After taking a Woodcraft sharpening class taught by the store’s owner Ryan Balls two weeks ago, I now sharpen my bench plane blades and bench or hand chisels with sharpening stones.

I start with my Trend 300/1,000 grit diamond stone and the jump to my sexy Shapton 16,000 grit glass stone . It is positioned or held by my Shapton glass stone holder base. Its heavy compared to the weight of the glass stones.

You also see my DMT dia-Sharp diamond stone on my sharpening center. This stone is 8,000 grit.

The two spray bottles contain distilled water in one and Bora HoneRite Gold oil in the other. The HoneRite was recommended by Rob Cosman, a well known woodworking instructor.

In addition, I purchased some leather strops as well as I made one with leather I bought at my local Woodcraft store. I finish my sharpening process by honing the sharp edges on these strops.

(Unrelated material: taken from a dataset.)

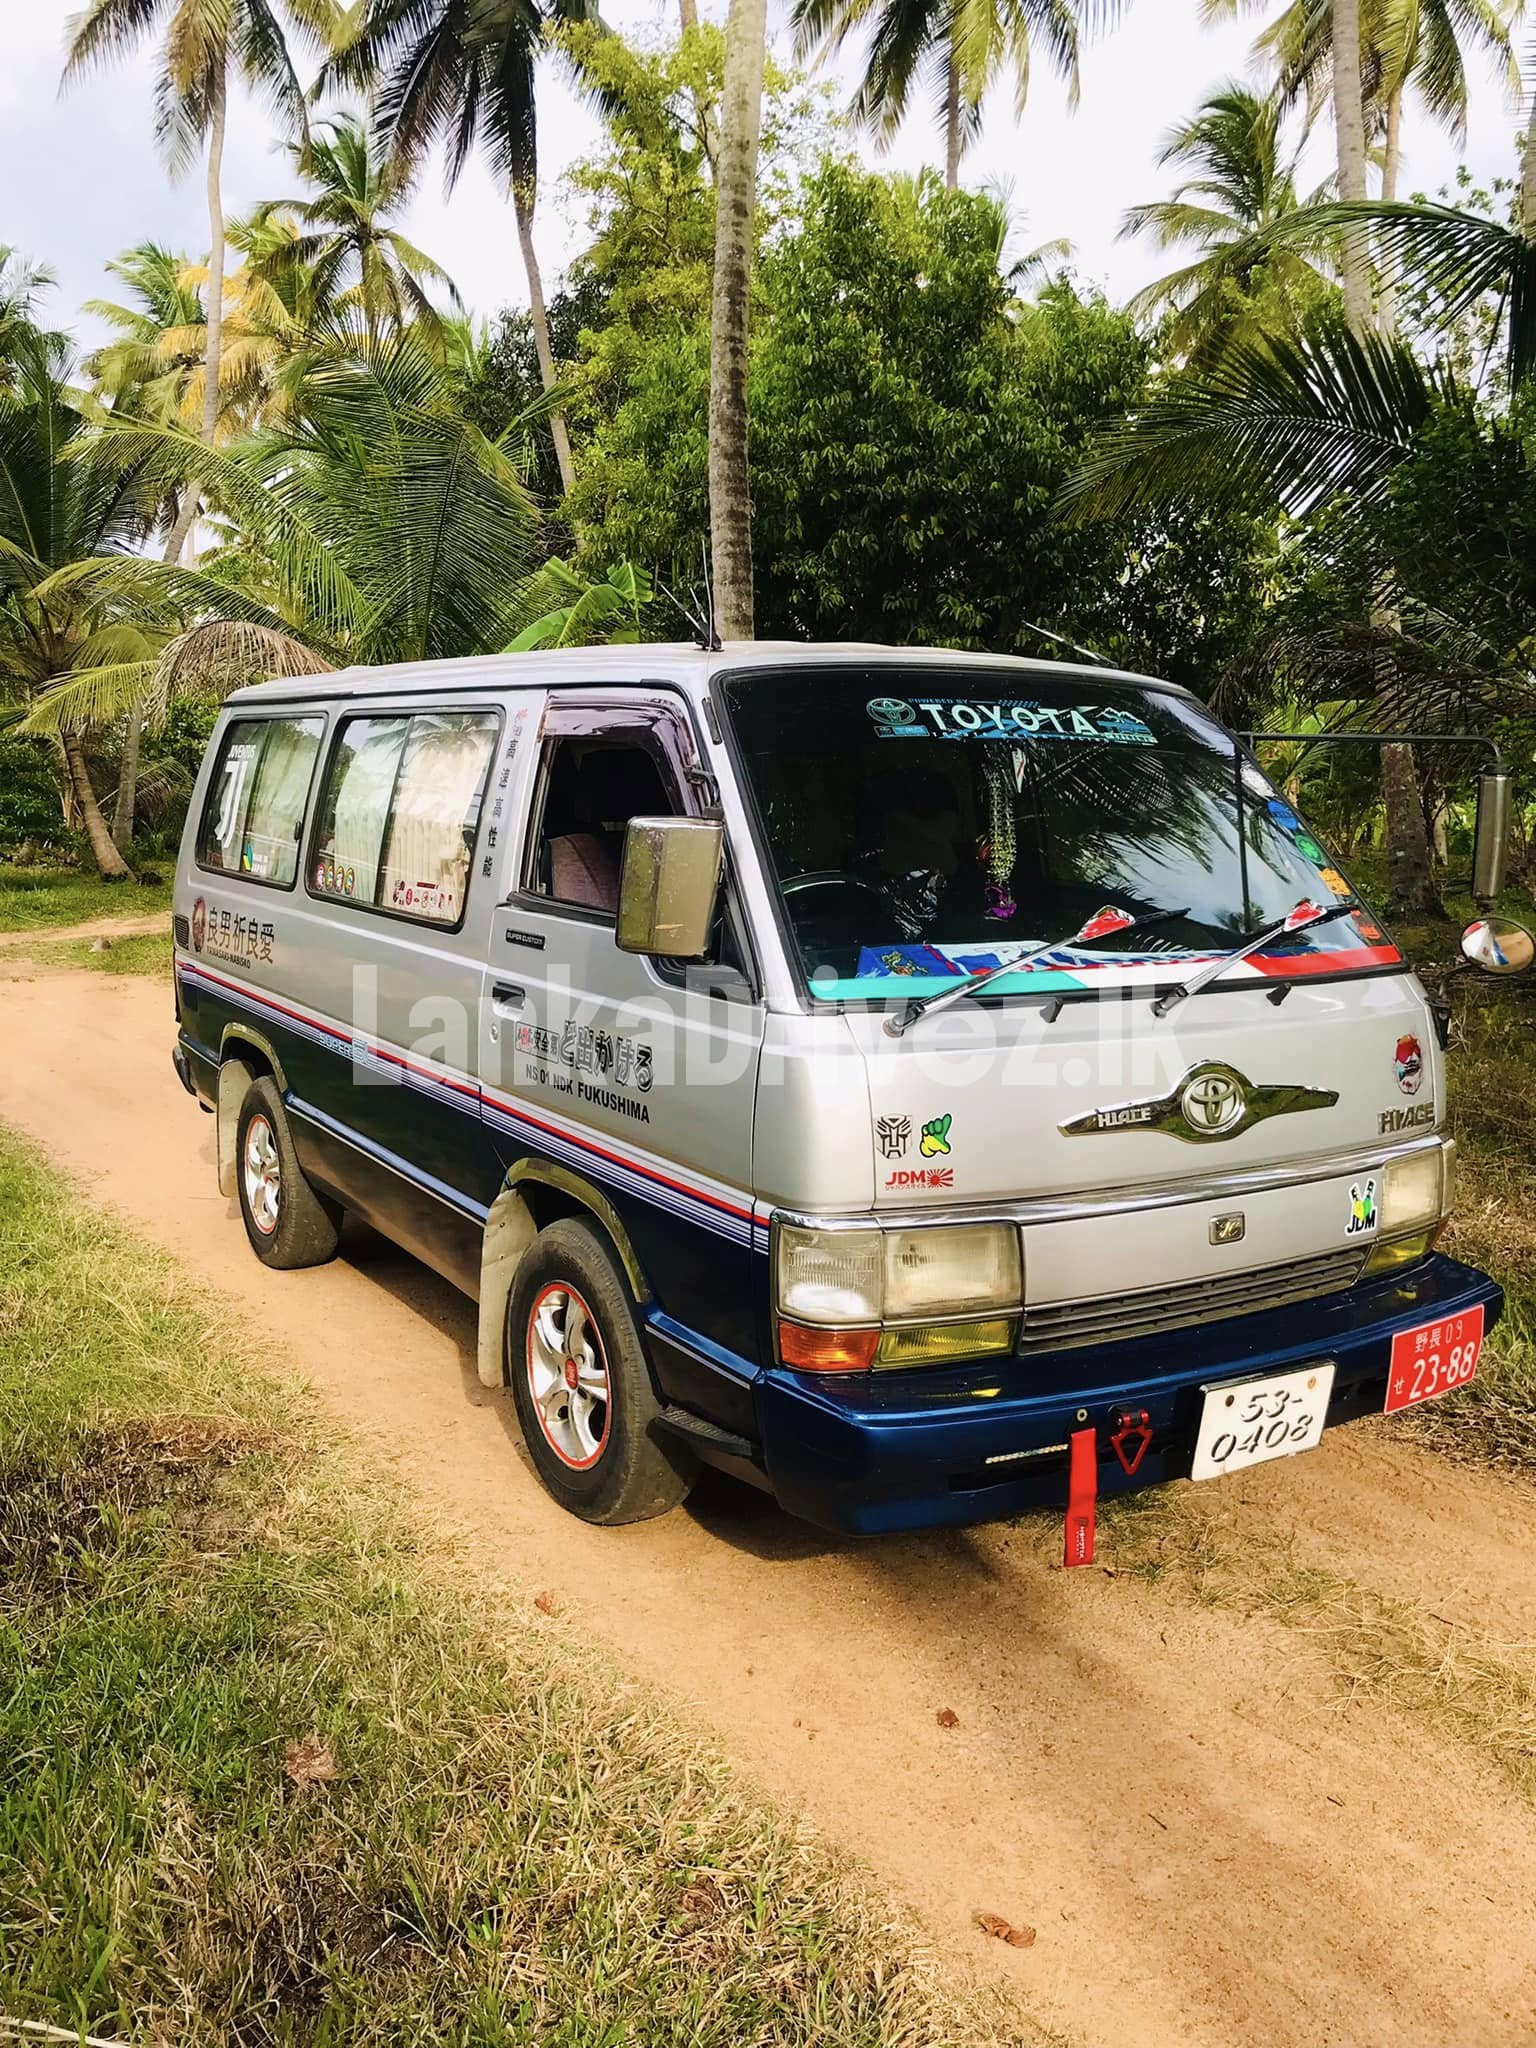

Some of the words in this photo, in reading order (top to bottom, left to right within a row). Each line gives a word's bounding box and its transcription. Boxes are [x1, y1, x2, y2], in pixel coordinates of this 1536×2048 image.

What was the big key I learned from the sharpening class? If you do not feel the burr when sharpening you will not get a sharp edge. Obtaining a burr means you have ground the steel on the stone to a fine edge. Getting that fine edge with a burr on the opposite side of the bevel is the key to gettung a sharp cutting edge on your blade or chisel. It took this class for me to finally feel want kind if burr is needed. Rough stone grinding produces larger burrs. Fine and very fine grinding produces smaller and very fine and harder to sense burrs, but they still should be present.